In 1999, the park debuted the roller coaster Green Scream. It was once described as the park's signature ride, but this title has now been taken by Rage. The second roller coaster at the park is the Barnstormer, which opened in 2000. The third roller coaster is named the Mighty Mini Mega, which opened in 2002. Kiddi Koasta, a children's roller coaster, opened to the public on 30 April 2011.

The fifth roller coaster, Rage, opened in February 2007. It is one of the biggest investments the park has ever made. The ride cost in the region of £3 million and is located on the former Raging River Log Flume site. The Sky Drop and Vortex rides were relocated to new positions in the park to make way. The ride is about 75 ft in height and has a 97 degree drop, a vertical lift hill, a vertical loop, a zero-g roll and tight turns. It was named Rage after a competition in the newspaper Southend Echo to decide a name for the ride. The slogan is "For Superheroes only!"

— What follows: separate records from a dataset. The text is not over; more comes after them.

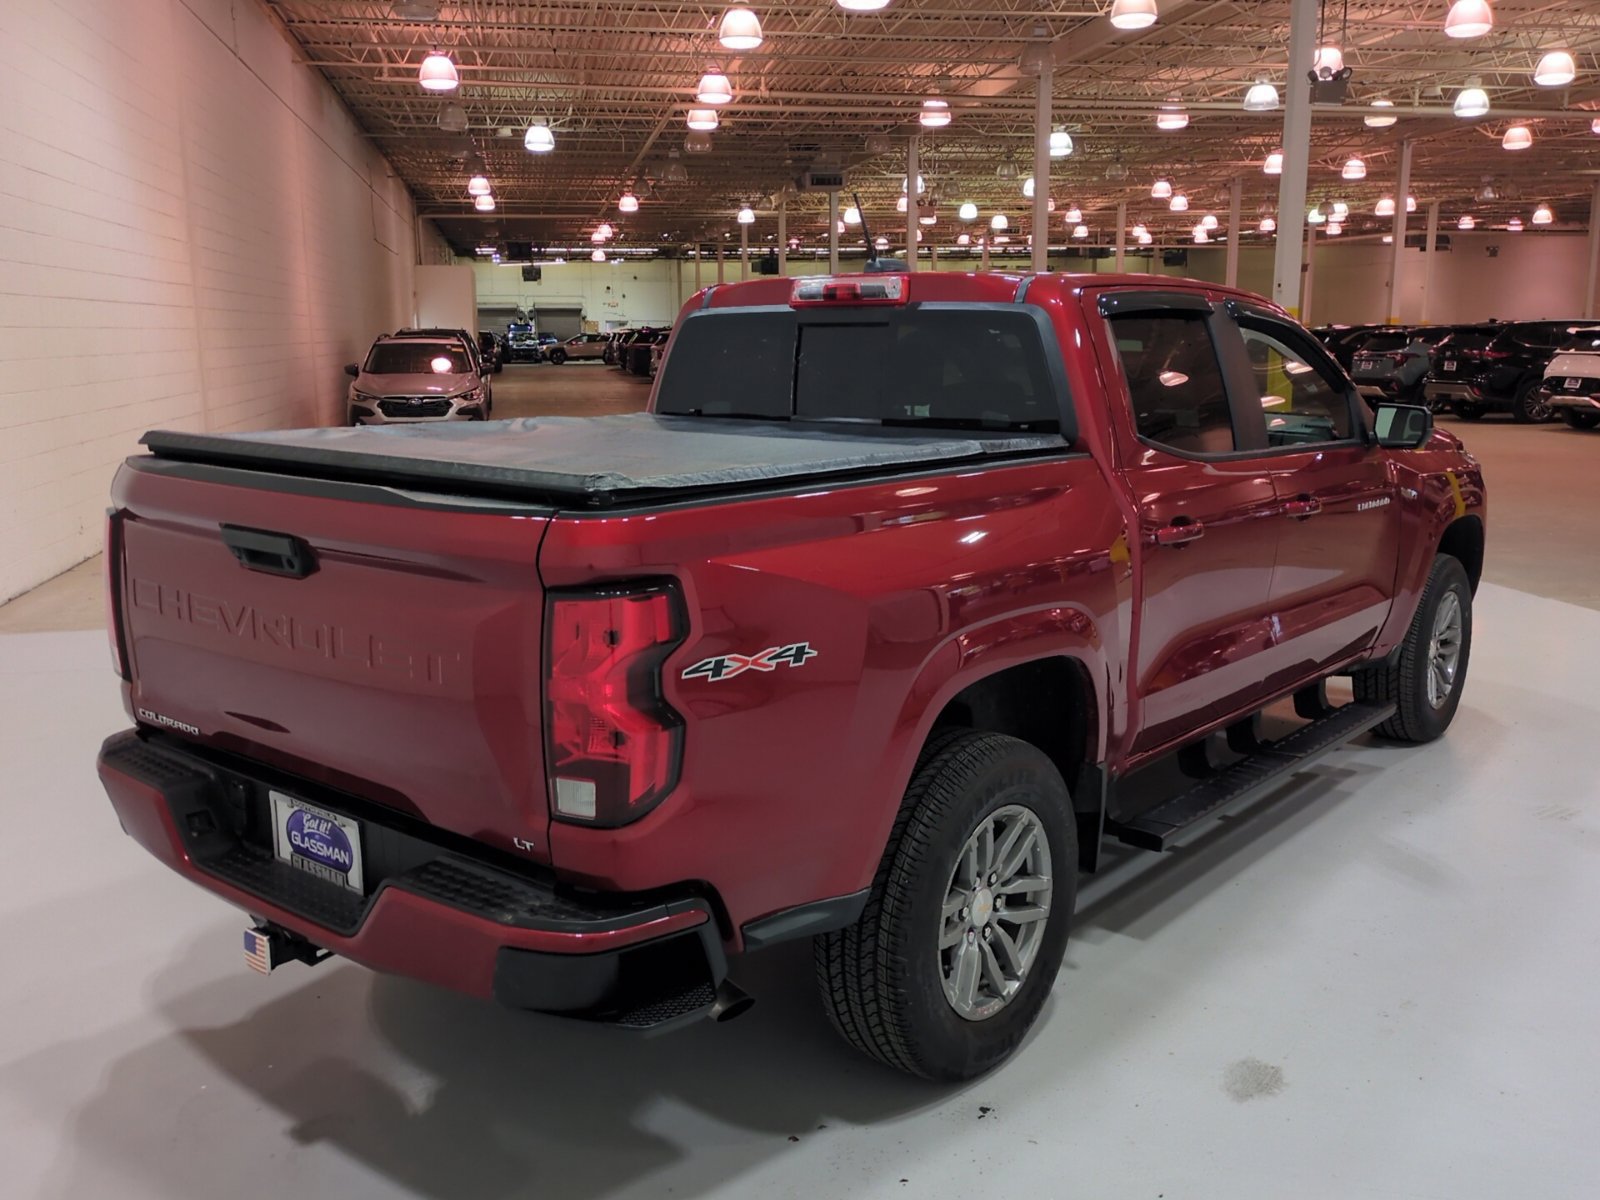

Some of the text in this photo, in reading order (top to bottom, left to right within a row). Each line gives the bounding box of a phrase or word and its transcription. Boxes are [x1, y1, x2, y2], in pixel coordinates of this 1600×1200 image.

[138, 707, 200, 736] COLORADO
[303, 812, 318, 831] Got
[291, 830, 349, 865] GLASSMAN
[512, 836, 534, 853] LT
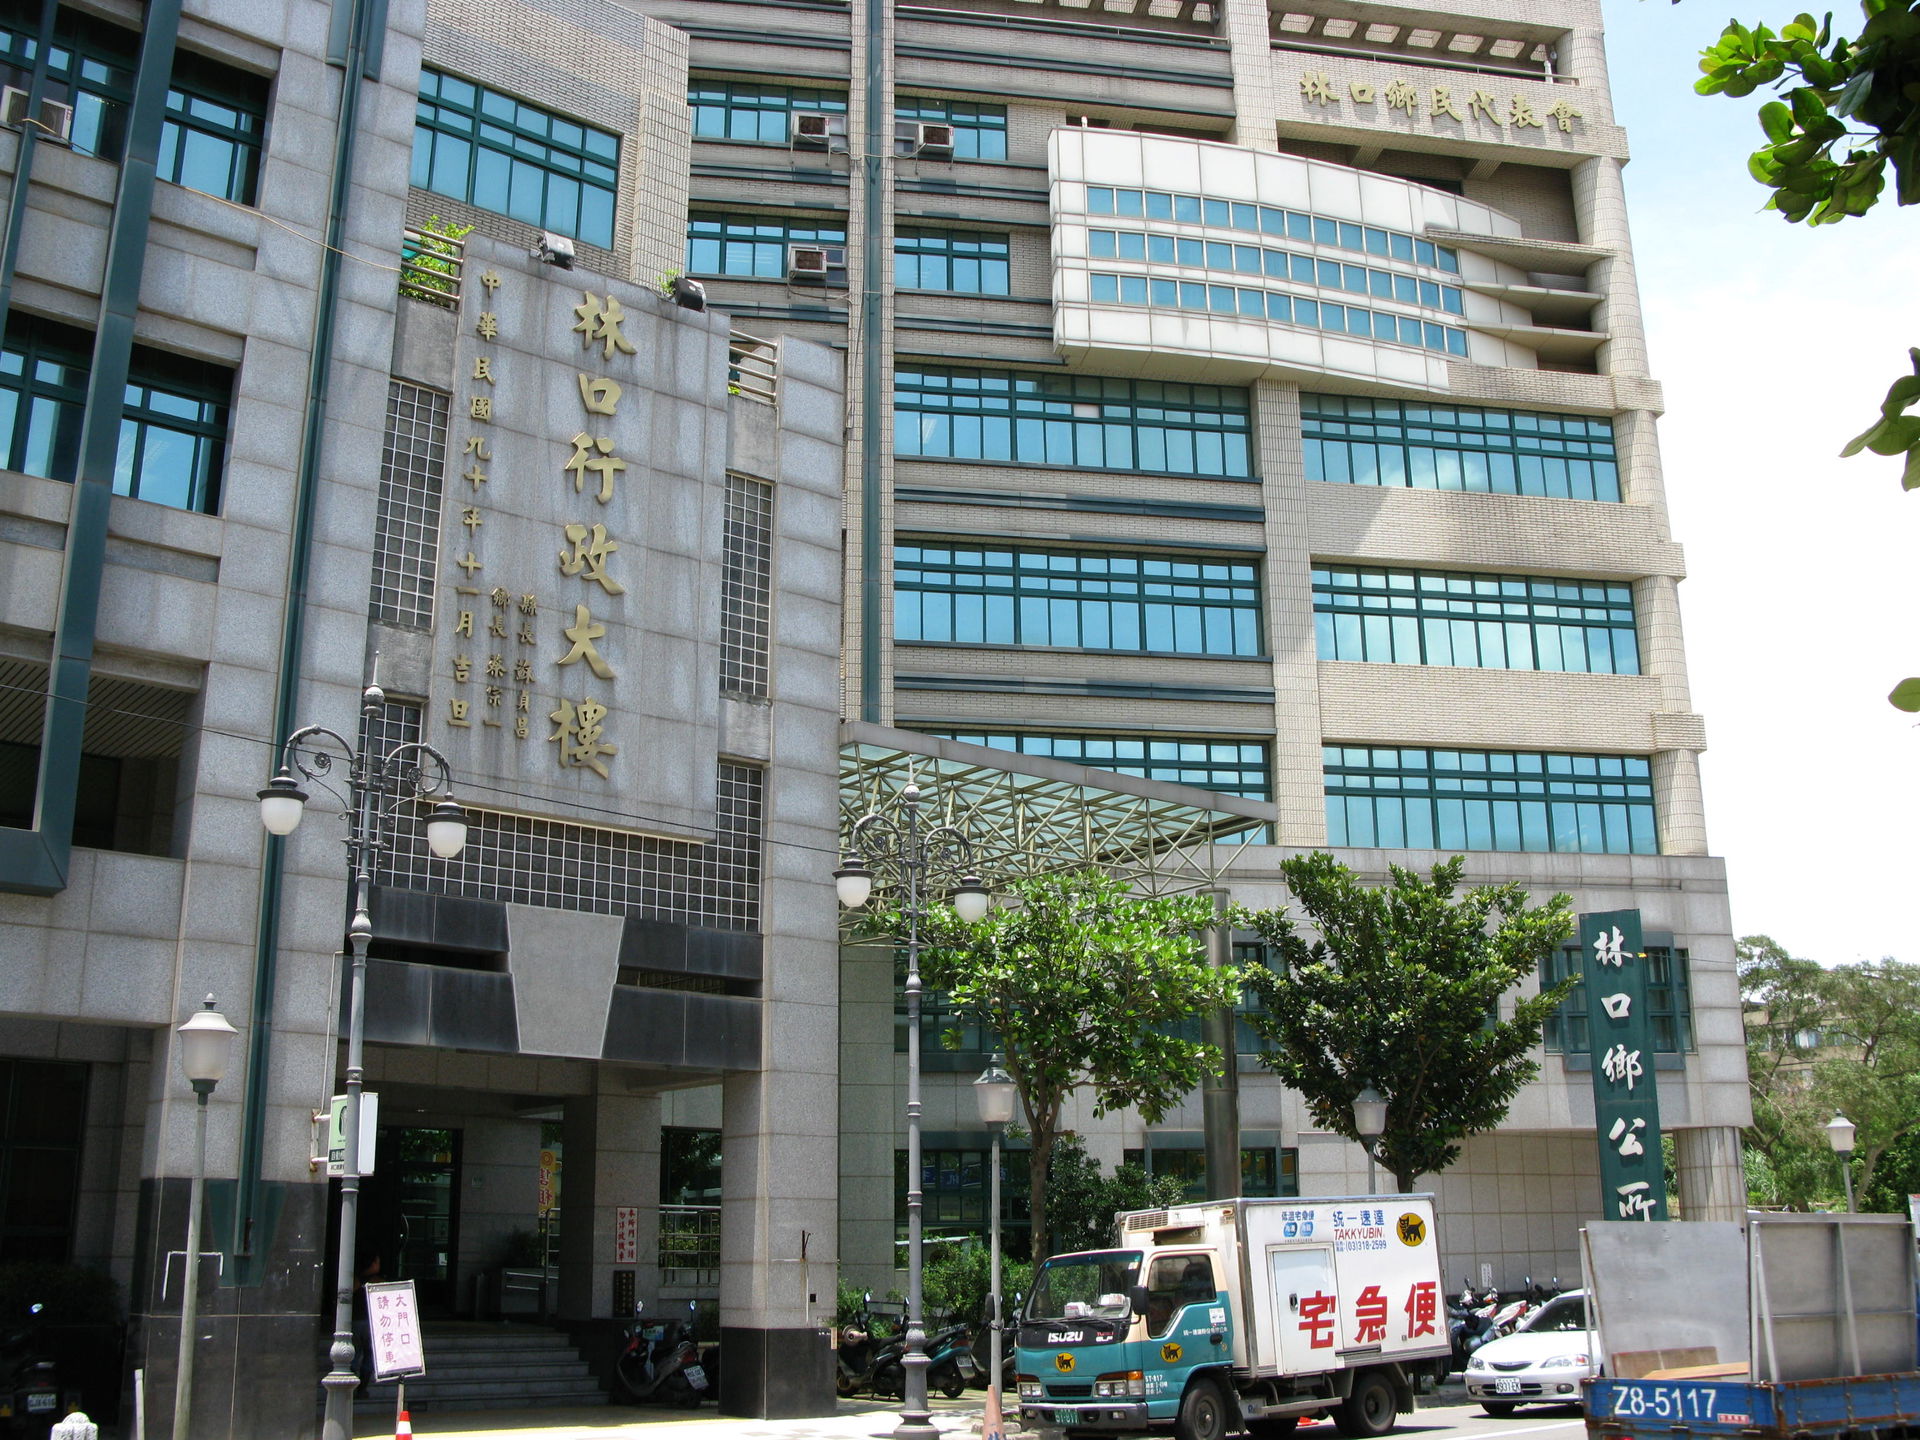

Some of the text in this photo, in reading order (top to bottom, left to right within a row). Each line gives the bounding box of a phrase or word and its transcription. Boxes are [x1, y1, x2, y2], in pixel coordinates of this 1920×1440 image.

[1300, 71, 1583, 133] 林口鄉民代表會
[549, 291, 637, 780] 林口行政大樓
[1593, 925, 1656, 1222] 林口鄉公所
[1334, 1226, 1384, 1241] TAKKYUBIN
[377, 1295, 396, 1363] 請勿停車
[395, 1294, 411, 1345] 大門口
[1047, 1330, 1084, 1343] ISUZU
[1299, 1281, 1437, 1349] 宅急便
[1612, 1385, 1717, 1419] Z8-5117

In 2014 Adventure Island demolished the Pirate Boat, which was one of their oldest attractions, to make way for Adventure Inside in spring 2015.

In September 2016 the park retained a top five status in the "Friendliest Park in the World" category at the annual Amusement Today Golden Ticket Awards.

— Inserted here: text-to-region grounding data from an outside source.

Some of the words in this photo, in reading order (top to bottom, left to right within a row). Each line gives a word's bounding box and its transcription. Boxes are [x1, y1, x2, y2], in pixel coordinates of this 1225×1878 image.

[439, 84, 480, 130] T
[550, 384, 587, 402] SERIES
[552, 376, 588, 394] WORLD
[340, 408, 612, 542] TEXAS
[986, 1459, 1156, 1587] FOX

In September 2020, Adventure Island temporarily closed, following advice from Essex Police after a traveller encampment was set up in the nearby Kursaal car park. In an update on the company's Facebook page, Adventure Island told visitors that they had been "advised to close early due to traveller invasion!" and that it was "best to be safe than sorry!". The language used in the post was criticised by Traveller Rights organisations as reinforcing negative stereotypes about Traveller communities. The post was later deleted, and the company apologised for any offence caused.

In 2021, the park hosted the first Pride event to celebrate the LGBTQ+ community, that hosted local drag queens performing. They also hosted their first annual Islandfest that celebrates local talented artists and musicians by showcasing their talents. Their yearly events include Fairytale weekend, Superhero weekend, a Halloween themed week during October half term, Christmas Wonderland, and Islandfest.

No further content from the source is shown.